This handout image provided by Greece's coast guard on June 14 shows scores of people on a battered fishing boat that later capsized and sank off southern Greece, drowning hundreds of migrants.
Hellenic Coast Guard via AP
This handout image provided by Greece's coast guard on June 14 shows scores of people on a battered fishing boat that later capsized and sank off southern Greece, drowning hundreds of migrants.

Many around the world closely followed the plight last week of five wealthy men who went missing aboard a Titanic-bound submersible. Meanwhile, researchers at the United Nations' International Organization for Migration (IOM) updated the number of migrants who have died trying to reach Europe by sea this year: nearly 2,000.

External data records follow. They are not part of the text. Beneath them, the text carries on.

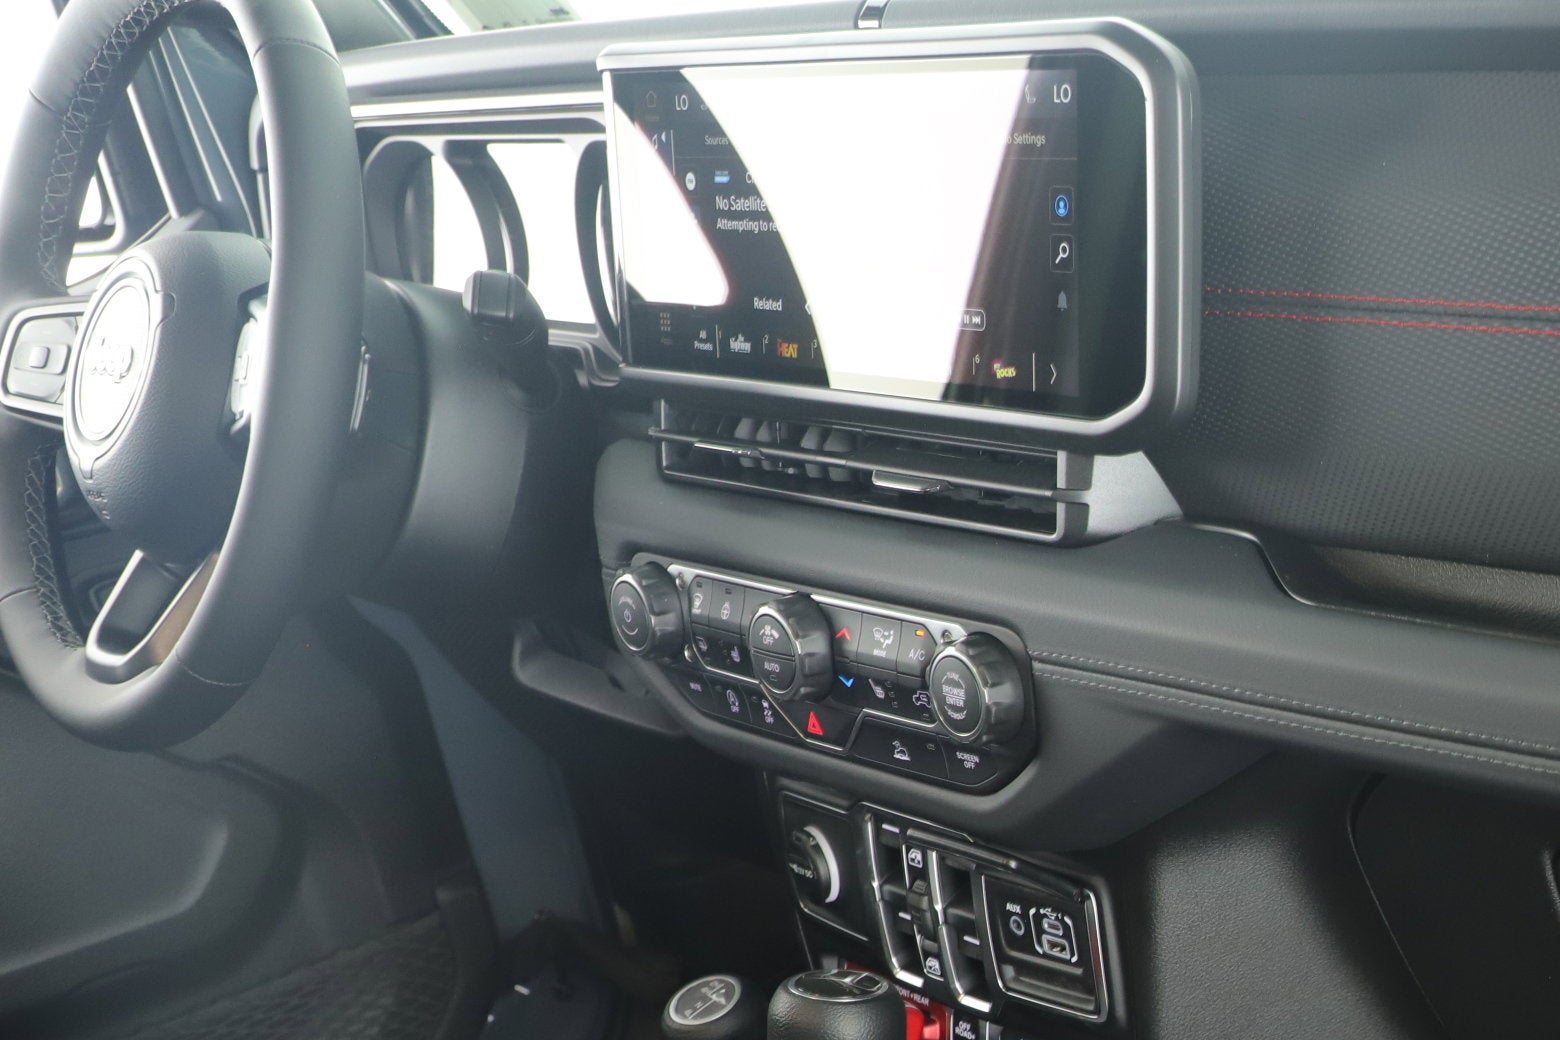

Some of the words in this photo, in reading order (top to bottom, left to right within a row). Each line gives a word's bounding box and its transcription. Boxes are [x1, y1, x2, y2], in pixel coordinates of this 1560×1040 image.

[1053, 83, 1071, 103] LO
[675, 94, 688, 111] LO
[704, 135, 729, 145] Sources
[1013, 133, 1046, 147] Settings
[715, 195, 729, 211] No
[730, 195, 766, 212] Satellite
[716, 217, 758, 234] Attempting
[760, 219, 768, 232] to
[753, 296, 782, 312] Related
[694, 340, 713, 351] Presets
[765, 335, 769, 344] 2
[777, 341, 799, 358] HEAT
[975, 354, 980, 364] 6
[996, 366, 1016, 379] ROCKS
[762, 636, 774, 646] OFF
[908, 648, 926, 661] A/C
[764, 662, 780, 673] AUTO
[942, 685, 965, 698] BROWSE
[945, 697, 964, 707] ENTER
[956, 751, 980, 763] SCREEN
[963, 761, 976, 770] OFF
[1006, 902, 1022, 914] AUX
[958, 1021, 971, 1031] OFF

The number of people who lose their lives each year in the crossing is staggering, and this year is on track to be worse than the last. Here are some of the reasons why this year has become so deadly:

Hundreds died aboard the Adriana

According to IOM data, at least 1,999 migrants died between January 1 and June 26 of this year, mostly from drowning. In the same period last year, 1,358 died. These tallies include those who died in the three major routes across the Mediterranean, as well as at the Atlantic route from West Africa.

One enormous tragedy accounts for a large portion of the uptick: the capsizing of the fishing boat Adriana two weeks ago in deep waters off the coast of Greece. The boat had departed Libya crammed with hundreds of people. When it capsized, it took the lives of most of the migrants on board, and IOM estimates the number who perished at 596.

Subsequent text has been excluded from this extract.